## [TASK DESCRIPTION]
Apart from the pictures, every line below is to be set down exactly.

[Source data]
****************************************
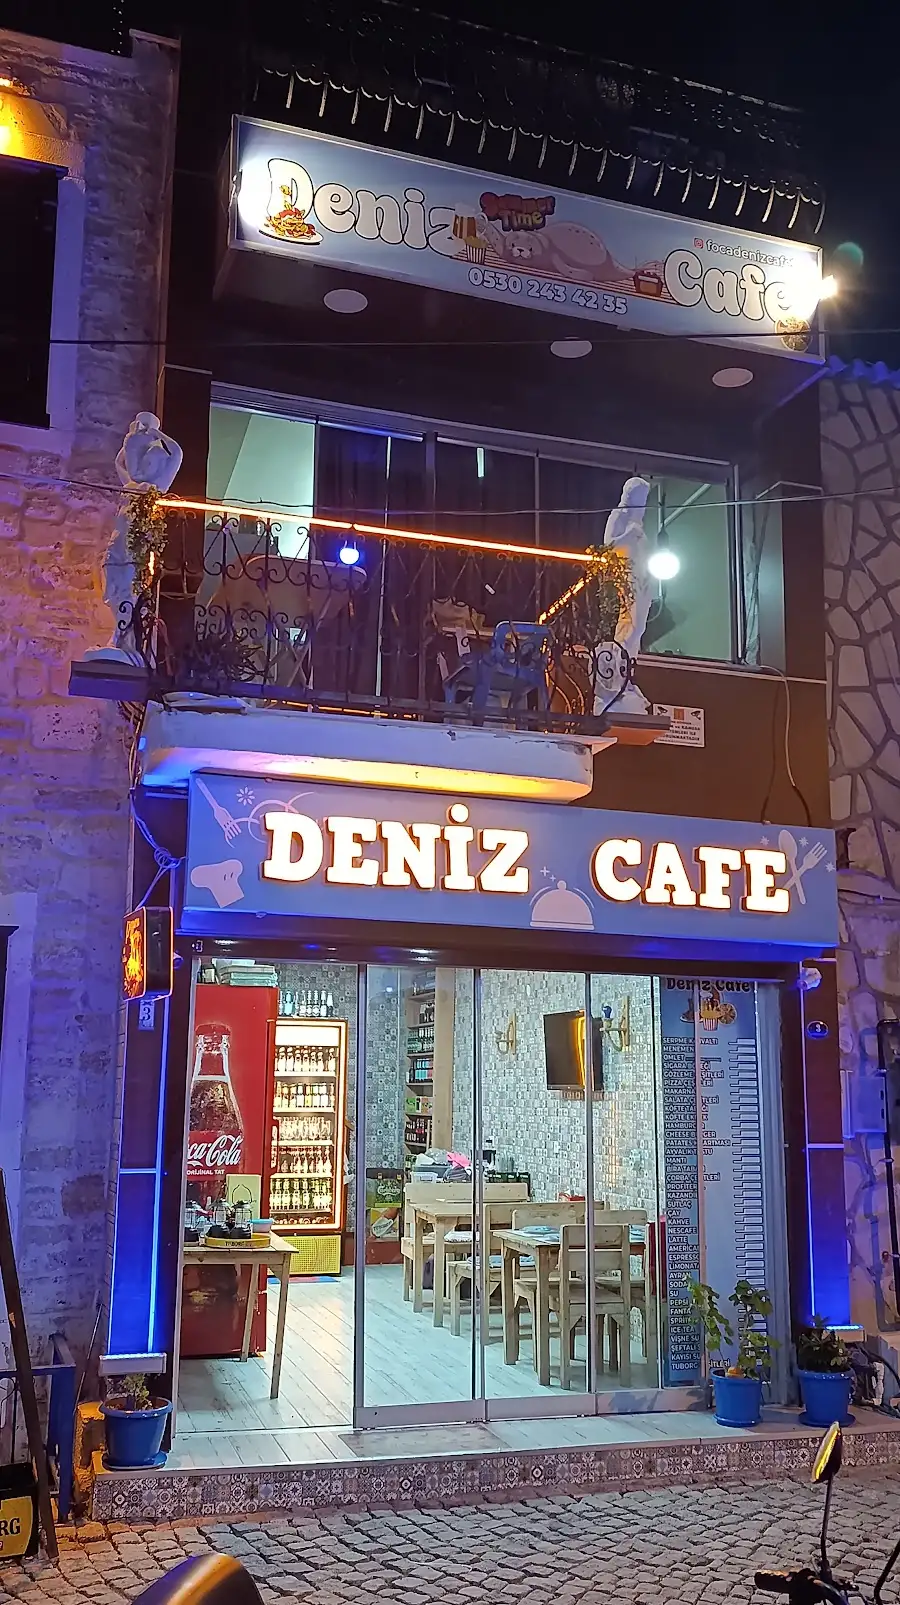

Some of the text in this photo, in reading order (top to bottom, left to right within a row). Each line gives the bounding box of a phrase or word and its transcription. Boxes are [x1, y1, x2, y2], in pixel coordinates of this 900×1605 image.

[267, 158, 465, 259] Deniz
[499, 210, 543, 229] Time
[468, 267, 628, 315] 0530 243 42 35
[664, 248, 803, 326] Cafe
[261, 803, 791, 914] DENİZ CAFE
[666, 977, 750, 992] Deniz Cafe
[142, 1007, 152, 1021] 3
[664, 1070, 693, 1078] GÖZLEME
[665, 1103, 686, 1112] KÖFTE
[187, 1135, 243, 1167] ca-Cola
[668, 1209, 680, 1218] ÇAY
[670, 1297, 689, 1306] PEPSİ
[670, 1316, 690, 1324] SPRİT
[672, 1362, 698, 1370] TUBORG
****************************************
## [OUTPUT OF THE TASK]
Some of the text in this photo, in reading order (top to bottom, left to right within a row). Each line gives the bounding box of a phrase or word and its transcription. Boxes are [x1, y1, x2, y2], in pixel coordinates of this 900×1605 image.

[267, 158, 465, 259] Deniz
[499, 210, 543, 229] Time
[468, 267, 628, 315] 0530 243 42 35
[664, 248, 803, 326] Cafe
[261, 803, 791, 914] DENİZ CAFE
[666, 977, 750, 992] Deniz Cafe
[142, 1007, 152, 1021] 3
[664, 1070, 693, 1078] GÖZLEME
[665, 1103, 686, 1112] KÖFTE
[187, 1135, 243, 1167] ca-Cola
[668, 1209, 680, 1218] ÇAY
[670, 1297, 689, 1306] PEPSİ
[670, 1316, 690, 1324] SPRİT
[672, 1362, 698, 1370] TUBORG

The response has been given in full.